**How to complete this task**
Below are records that contain pictures; transcribe the text exactly and omit the pictures.

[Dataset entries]
BEGIN

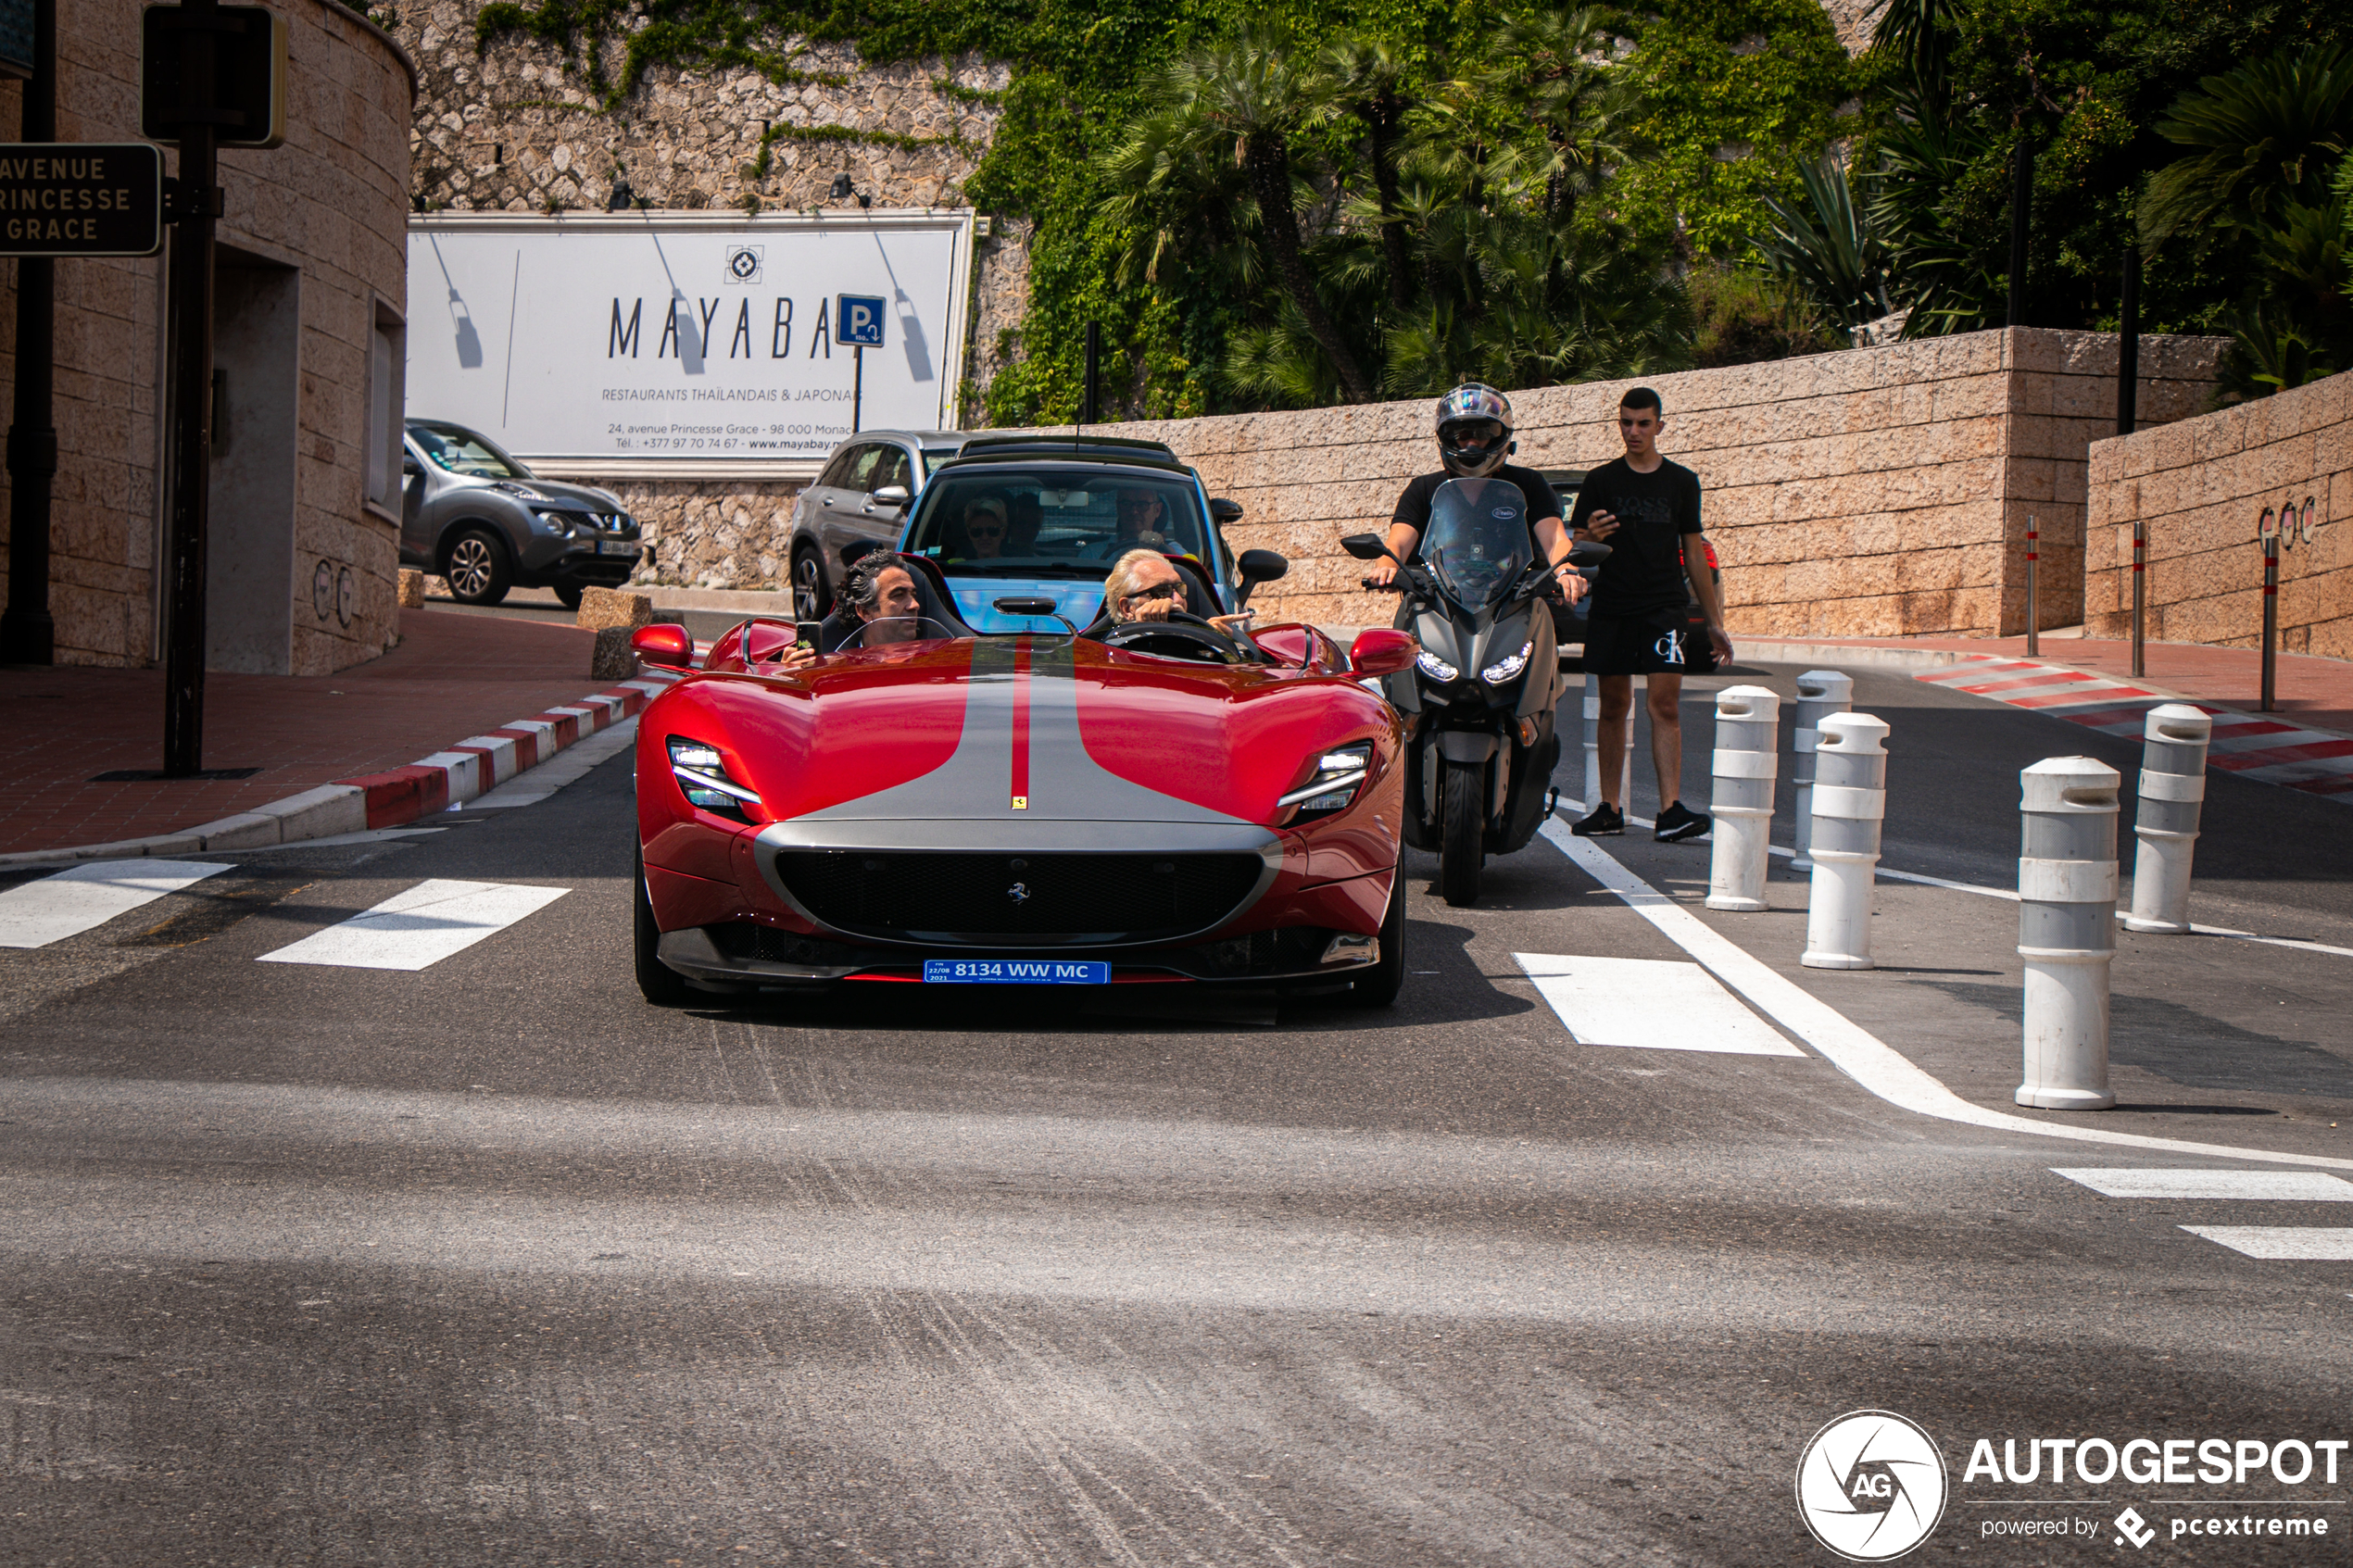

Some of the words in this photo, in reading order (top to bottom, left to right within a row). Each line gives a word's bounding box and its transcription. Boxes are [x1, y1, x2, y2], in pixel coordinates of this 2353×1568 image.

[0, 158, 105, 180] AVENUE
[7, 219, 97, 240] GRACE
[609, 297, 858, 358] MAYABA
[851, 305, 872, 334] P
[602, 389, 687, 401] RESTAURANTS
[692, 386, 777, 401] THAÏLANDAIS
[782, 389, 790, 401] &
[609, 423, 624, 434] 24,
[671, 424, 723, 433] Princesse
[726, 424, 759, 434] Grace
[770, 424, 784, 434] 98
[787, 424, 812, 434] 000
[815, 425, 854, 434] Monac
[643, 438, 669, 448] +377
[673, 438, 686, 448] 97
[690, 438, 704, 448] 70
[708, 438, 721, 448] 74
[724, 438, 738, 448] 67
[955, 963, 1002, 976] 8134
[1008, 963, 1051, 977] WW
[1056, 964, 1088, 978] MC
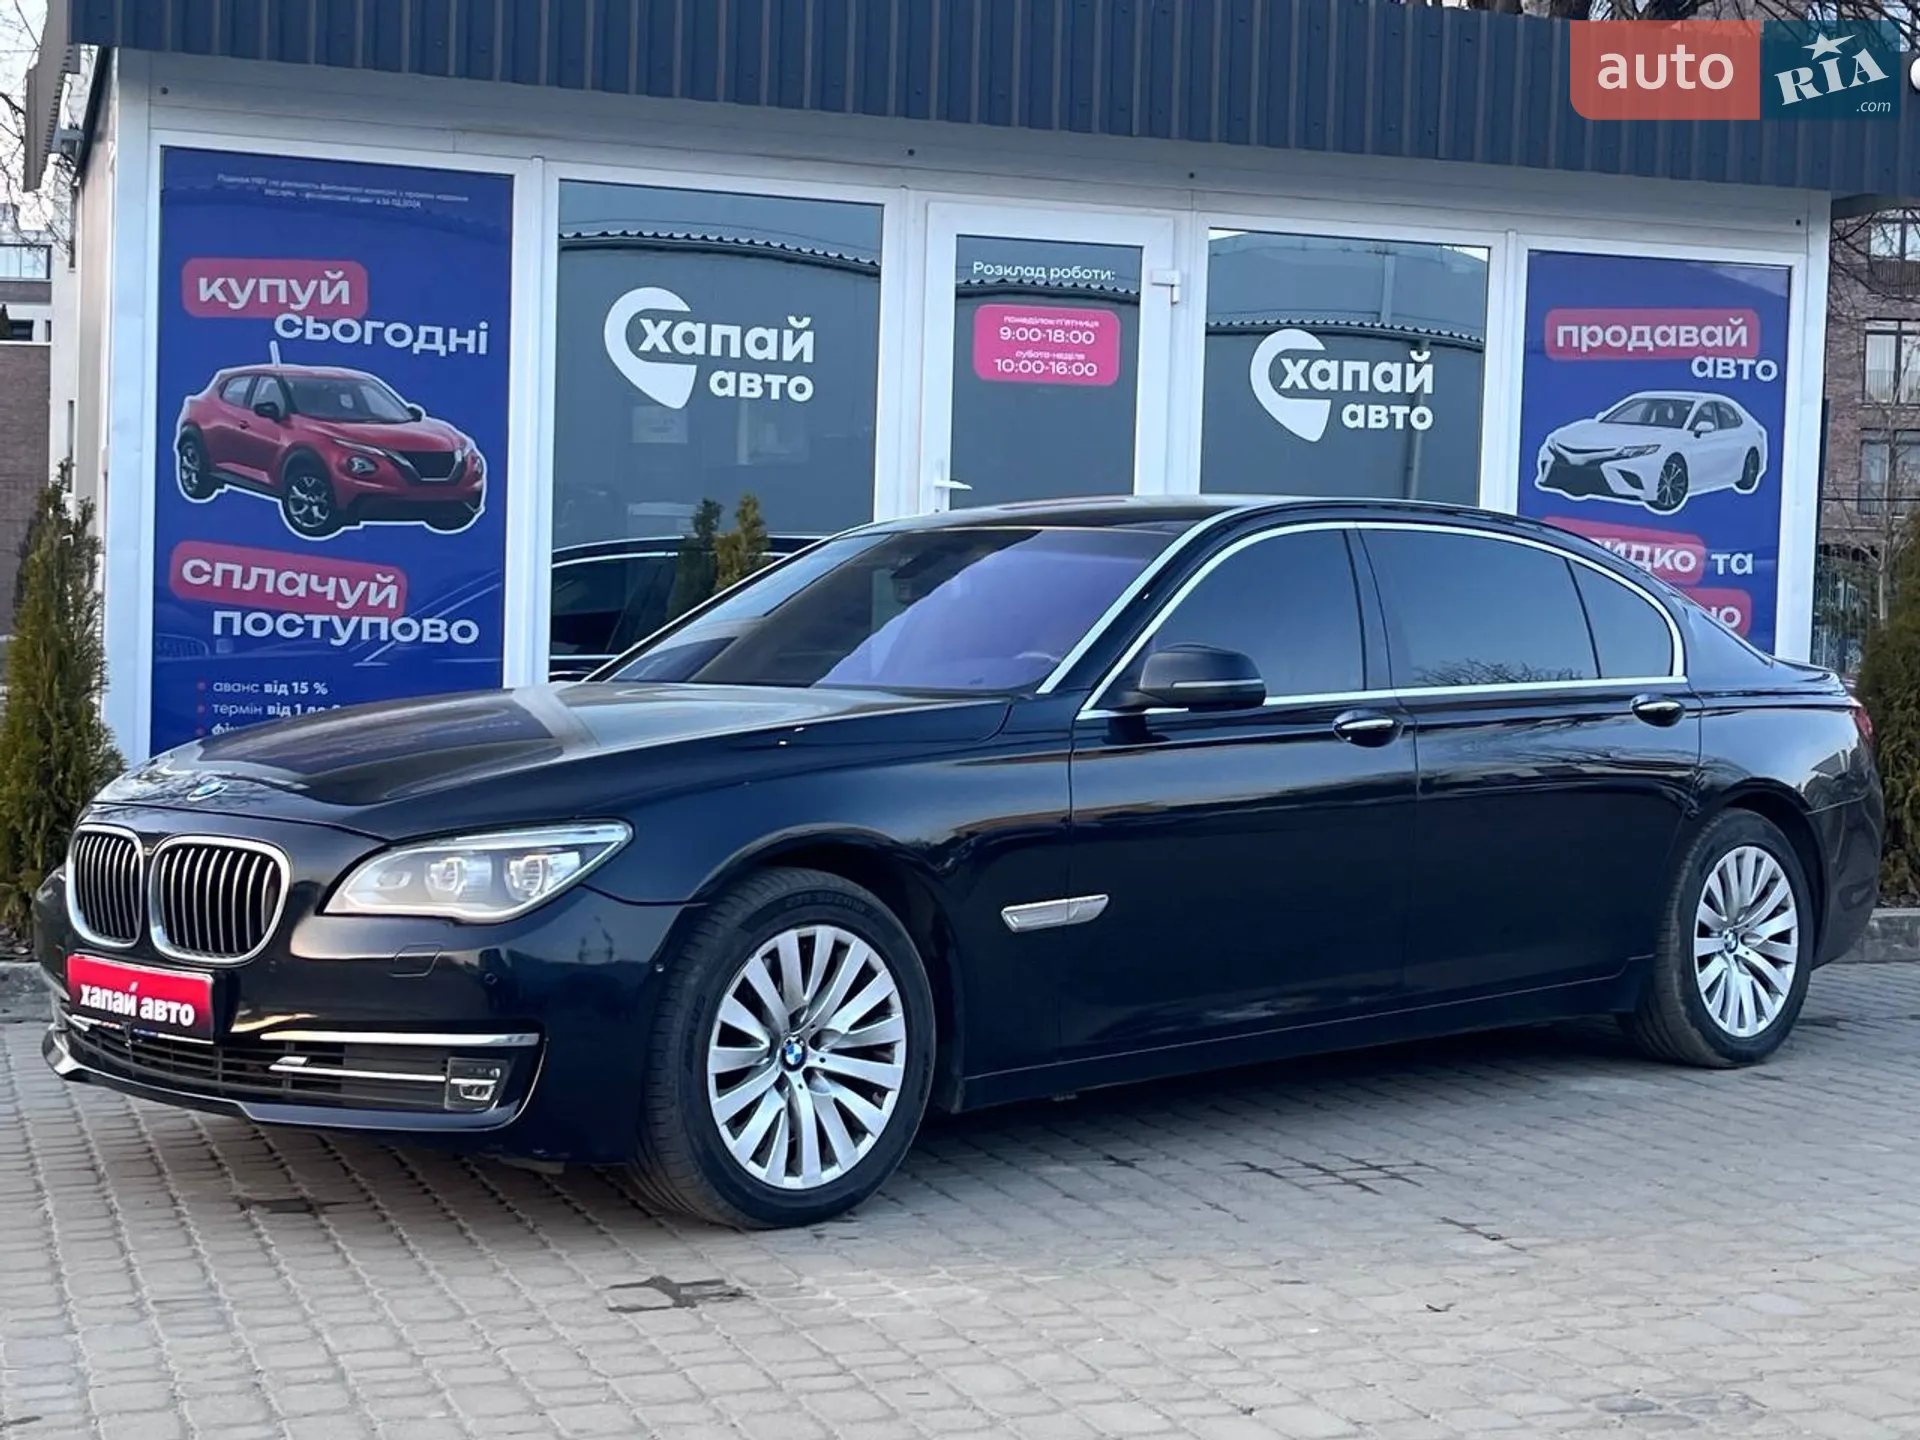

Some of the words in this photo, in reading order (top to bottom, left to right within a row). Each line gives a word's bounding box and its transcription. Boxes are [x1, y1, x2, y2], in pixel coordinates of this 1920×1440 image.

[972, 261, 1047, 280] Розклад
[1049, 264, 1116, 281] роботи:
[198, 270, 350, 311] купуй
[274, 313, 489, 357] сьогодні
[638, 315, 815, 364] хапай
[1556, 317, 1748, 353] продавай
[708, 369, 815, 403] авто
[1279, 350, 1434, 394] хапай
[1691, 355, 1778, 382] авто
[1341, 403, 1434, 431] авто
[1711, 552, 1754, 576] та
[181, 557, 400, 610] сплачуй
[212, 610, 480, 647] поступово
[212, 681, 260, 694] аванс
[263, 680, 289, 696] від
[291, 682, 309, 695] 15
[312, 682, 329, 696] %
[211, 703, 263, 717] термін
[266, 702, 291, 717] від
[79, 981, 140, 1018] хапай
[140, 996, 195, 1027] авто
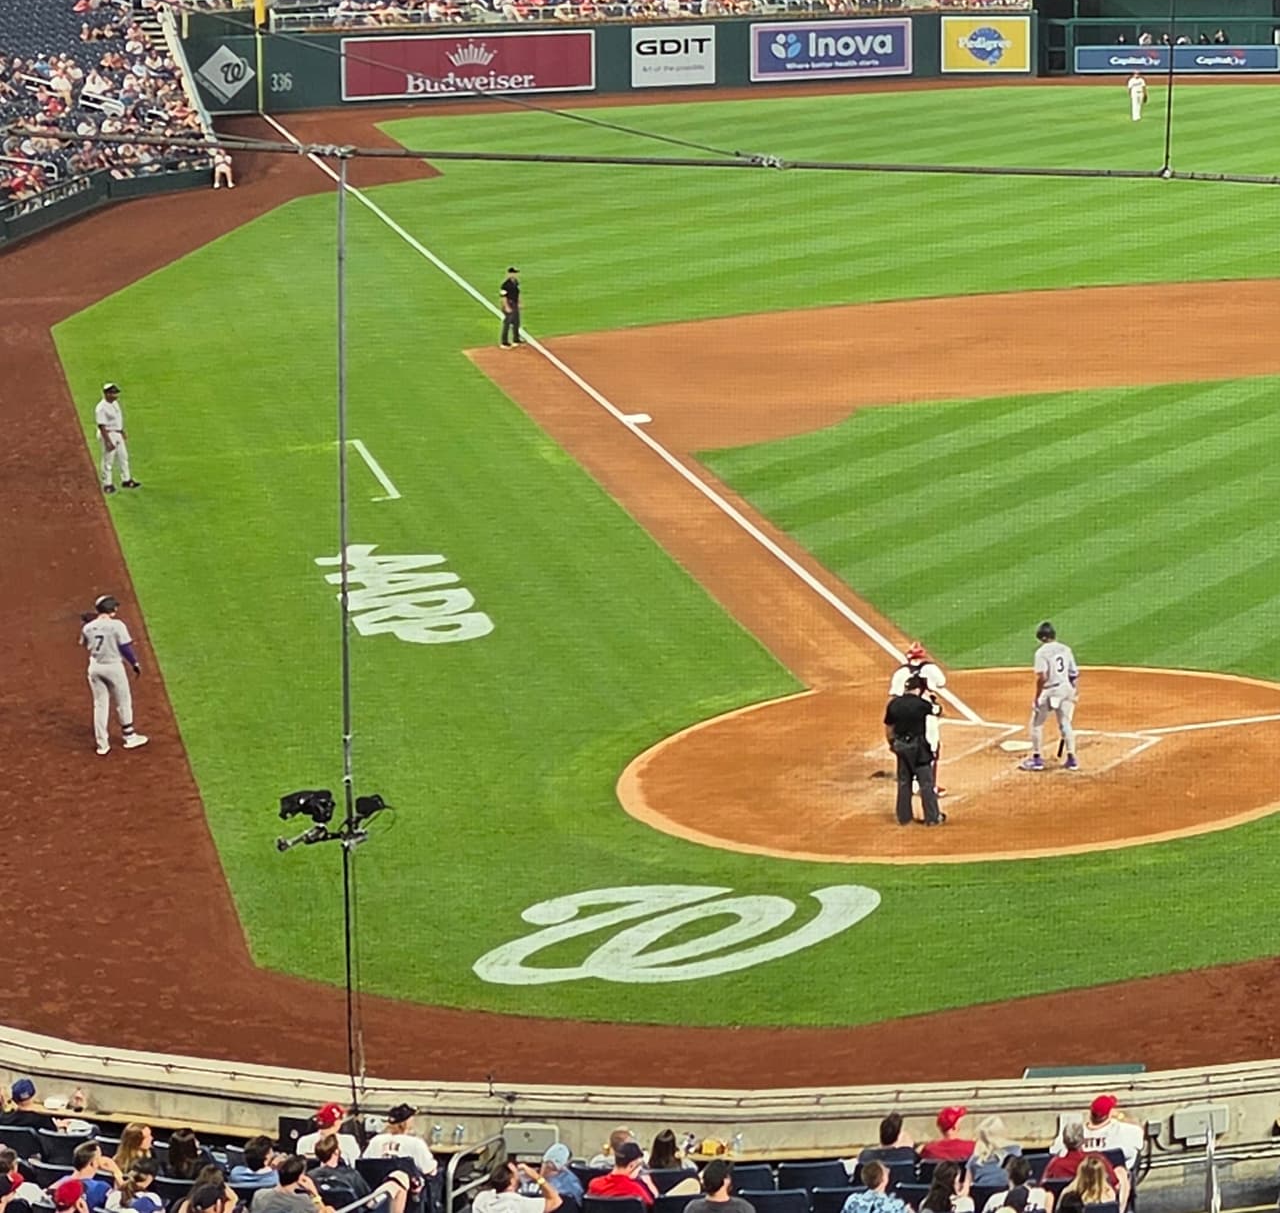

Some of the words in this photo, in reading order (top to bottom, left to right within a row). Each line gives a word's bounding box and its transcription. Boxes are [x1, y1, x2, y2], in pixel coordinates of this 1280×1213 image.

END

**Answer space**
Some of the words in this photo, in reading order (top to bottom, left to right within a row). Each line gives a word's bounding box and its transcription. Boxes are [x1, y1, x2, y2], in pixel coordinates of this 2353×1568 image.

[0, 158, 105, 180] AVENUE
[7, 219, 97, 240] GRACE
[609, 297, 858, 358] MAYABA
[851, 305, 872, 334] P
[602, 389, 687, 401] RESTAURANTS
[692, 386, 777, 401] THAÏLANDAIS
[782, 389, 790, 401] &
[609, 423, 624, 434] 24,
[671, 424, 723, 433] Princesse
[726, 424, 759, 434] Grace
[770, 424, 784, 434] 98
[787, 424, 812, 434] 000
[815, 425, 854, 434] Monac
[643, 438, 669, 448] +377
[673, 438, 686, 448] 97
[690, 438, 704, 448] 70
[708, 438, 721, 448] 74
[724, 438, 738, 448] 67
[955, 963, 1002, 976] 8134
[1008, 963, 1051, 977] WW
[1056, 964, 1088, 978] MC

Some of the words in this photo, in reading order (top to bottom, left to right within a row). Each line gives a word's bounding box and its transcription. Boxes are [x1, y1, x2, y2], in pixel coordinates of this 1920×1440 image.

[972, 261, 1047, 280] Розклад
[1049, 264, 1116, 281] роботи:
[198, 270, 350, 311] купуй
[274, 313, 489, 357] сьогодні
[638, 315, 815, 364] хапай
[1556, 317, 1748, 353] продавай
[708, 369, 815, 403] авто
[1279, 350, 1434, 394] хапай
[1691, 355, 1778, 382] авто
[1341, 403, 1434, 431] авто
[1711, 552, 1754, 576] та
[181, 557, 400, 610] сплачуй
[212, 610, 480, 647] поступово
[212, 681, 260, 694] аванс
[263, 680, 289, 696] від
[291, 682, 309, 695] 15
[312, 682, 329, 696] %
[211, 703, 263, 717] термін
[266, 702, 291, 717] від
[79, 981, 140, 1018] хапай
[140, 996, 195, 1027] авто

Some of the words in this photo, in reading order (top to bottom, left to right within a row). Each line gives a word's bounding box and its transcription. Boxes are [x1, y1, x2, y2], in pixel coordinates of this 1280×1213 image.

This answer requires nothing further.